By Madhu Thangavelu
The space station sports an Italian-made cupola, a large and an exquisite window that looks toward planet Earth
The space station sports an Italian-made cupola, a large and exquisite window that Religion and scientific pursuits parted company centuries ago, at least in the eyes of the public.
Everyone knows the story of Galileo, who stood by his empirical evidence of the Copernican, sun-centered view of our solar system even under the threat of death by the church’s preferred method for punishing heresy: burning at the stake.
The church confined Galileo to house arrest for the rest of his life.
And yet for millennia, religion was the primary purveyor of science, especially astronomy. That’s evident in the symbols and images projected in cathedrals and mosques and temples all over the world. Scientists from Newton to Einstein have framed scientific inquiry as a divine investigation.
It’s worth noting that the term “big bang,” though coined by astronomer Fred Hoyle, was conceived by a clergyman, Monsignor Georges Lamaitre of Belgium.
Today, human space activity offers an important venue for exploring meaningful relationships between science and religion – or at least science and spirituality.
Religion stripped of all customs and liturgical practice may be called spirituality. It’s the wonderment that explorers feel when they are exposed to nature’s secrets and to new dimensions of human experience.
While robotic spacecraft roam the solar system, sending back images from far-off worlds, the yearning of humanity to be physically present there is what drives NASA and others to pursue space exploration. Without a vibrant human space activity component, NASA may not have a reason to exist.
Now that the Atlantis space shuttle has completed its last mission, the private sector will probably lead the way in manned space flight.

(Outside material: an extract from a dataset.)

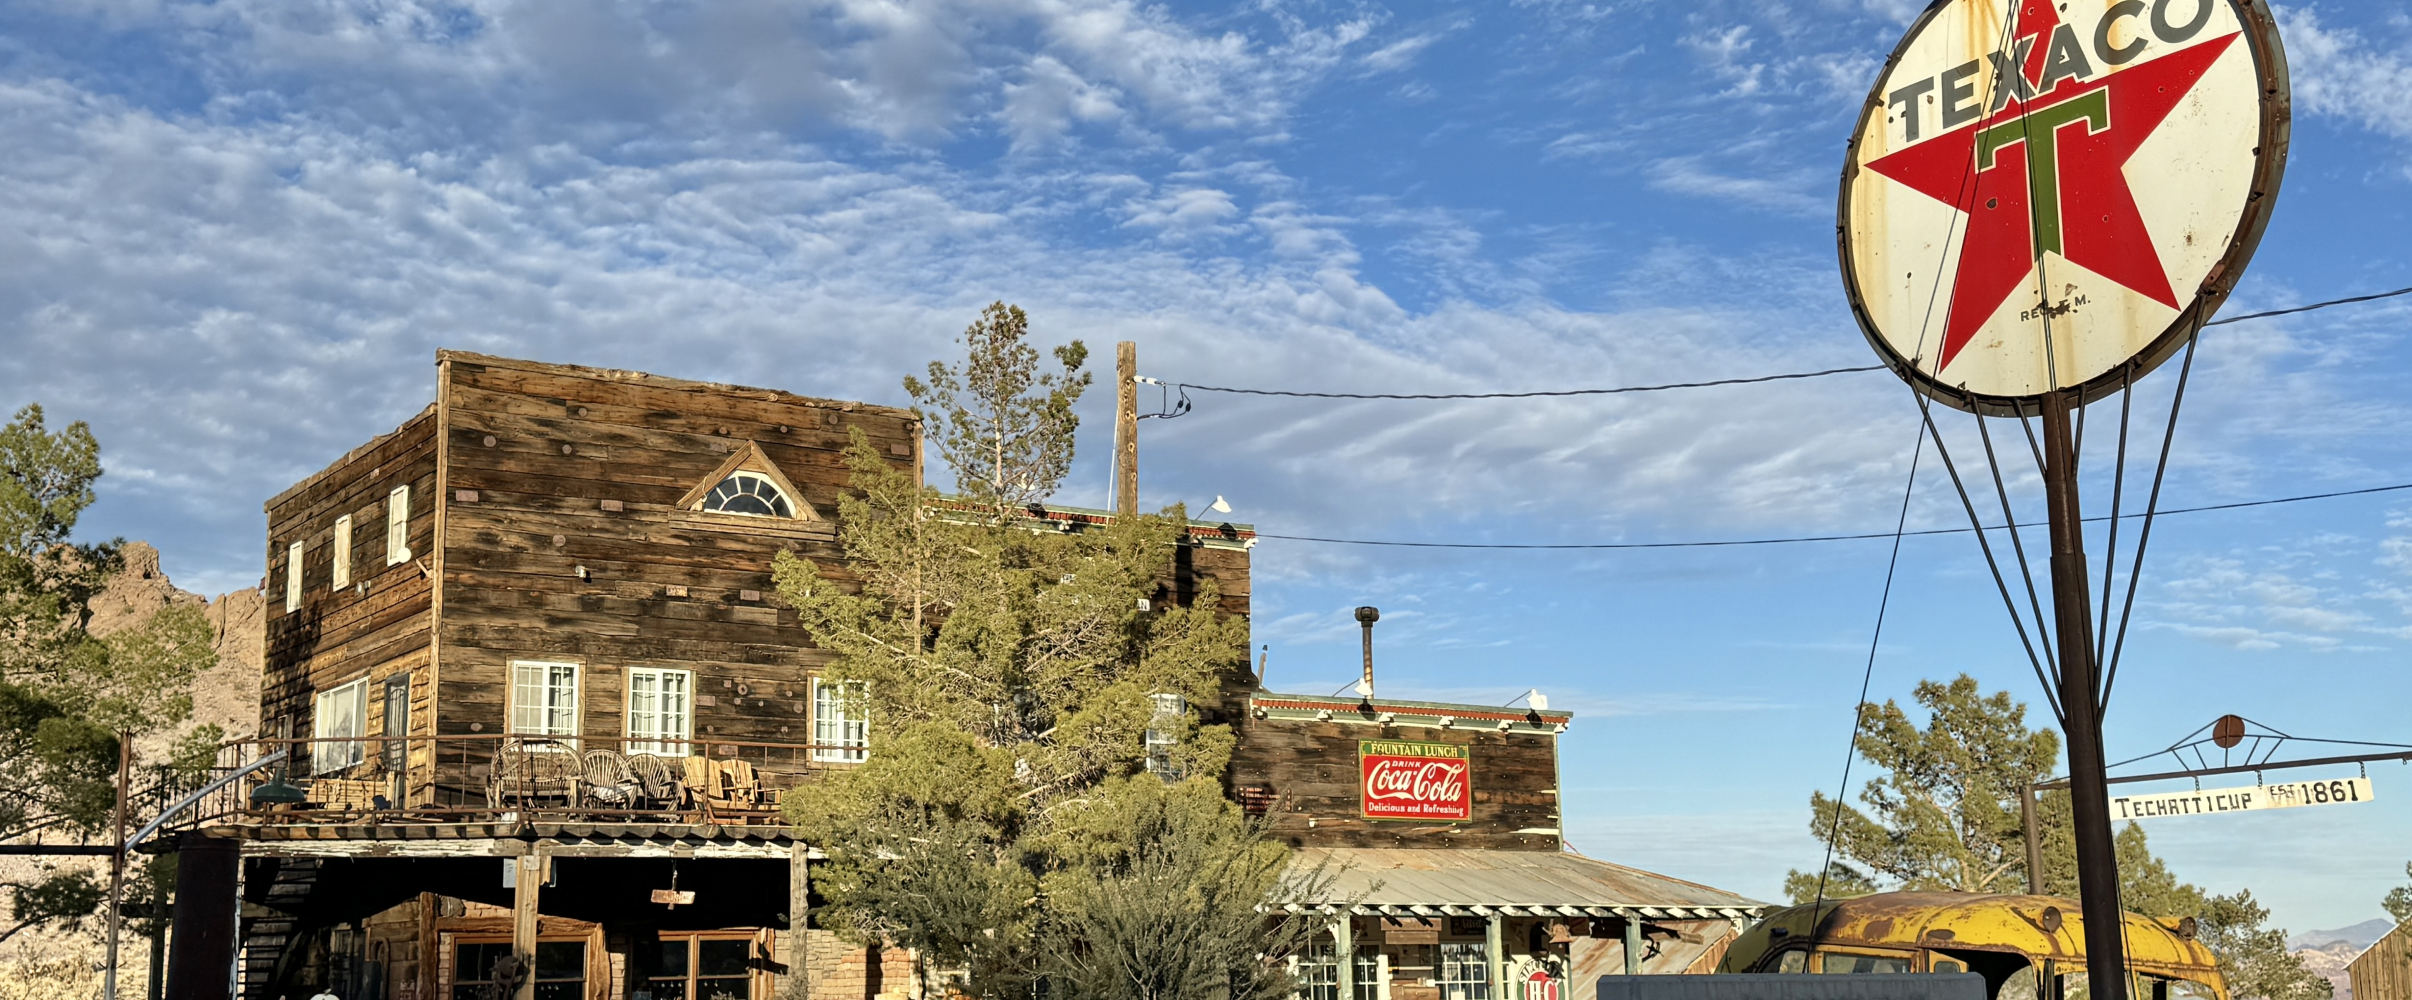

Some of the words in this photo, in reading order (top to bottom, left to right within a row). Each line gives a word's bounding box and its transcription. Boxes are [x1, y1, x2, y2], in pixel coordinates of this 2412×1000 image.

Space explorers continue to seek an intense spiritual experience and are willing to risk their lives for it, and I’m confident that that will continue to drive space travel innovation.
We call this new group of adventurers “space tourists,” but they’re mostly spiritual pilgrims.
The spiritual experience begins at liftoff. With their eyes on the glass cockpit and their ears tuned to mission control above the roar of those mighty engines, the crew is praying for a successful and smooth launch.
The monitoring of the final minutes before launch are so rigorous and intense that the entire sequence is handed off from the crew to a set of computers. When your life is in the hands of machines, prayer is important.
As the boosters fall off and the ride becomes smoother, astronauts start to see nature’s spectacle through the windows. Their eyes, though fixed to the mach numbers steadily climbing higher than 20 times that of a speeding bullet, are gripped by the awe of the space environment.
A few minutes later, after the final thrust that puts them into orbit, the engines shut off and their bodies are released from the force of gravity. The crew is overtaken by the awesome majesty of the Earth’s disc. They are experiencing a spiritual awakening that words cannot express.
Their bodies, meanwhile, are adjusting to an environment without gravity.
Upon arrival at the International Space Station, the first thing they do is look out at planet Earth. The space station sports an Italian-made cupola, a large and exquisite window that looks toward planet Earth. It is perhaps the most aesthetic component of the entire facility. What domed cathedral could substitute for this “live Earth” for a ceiling?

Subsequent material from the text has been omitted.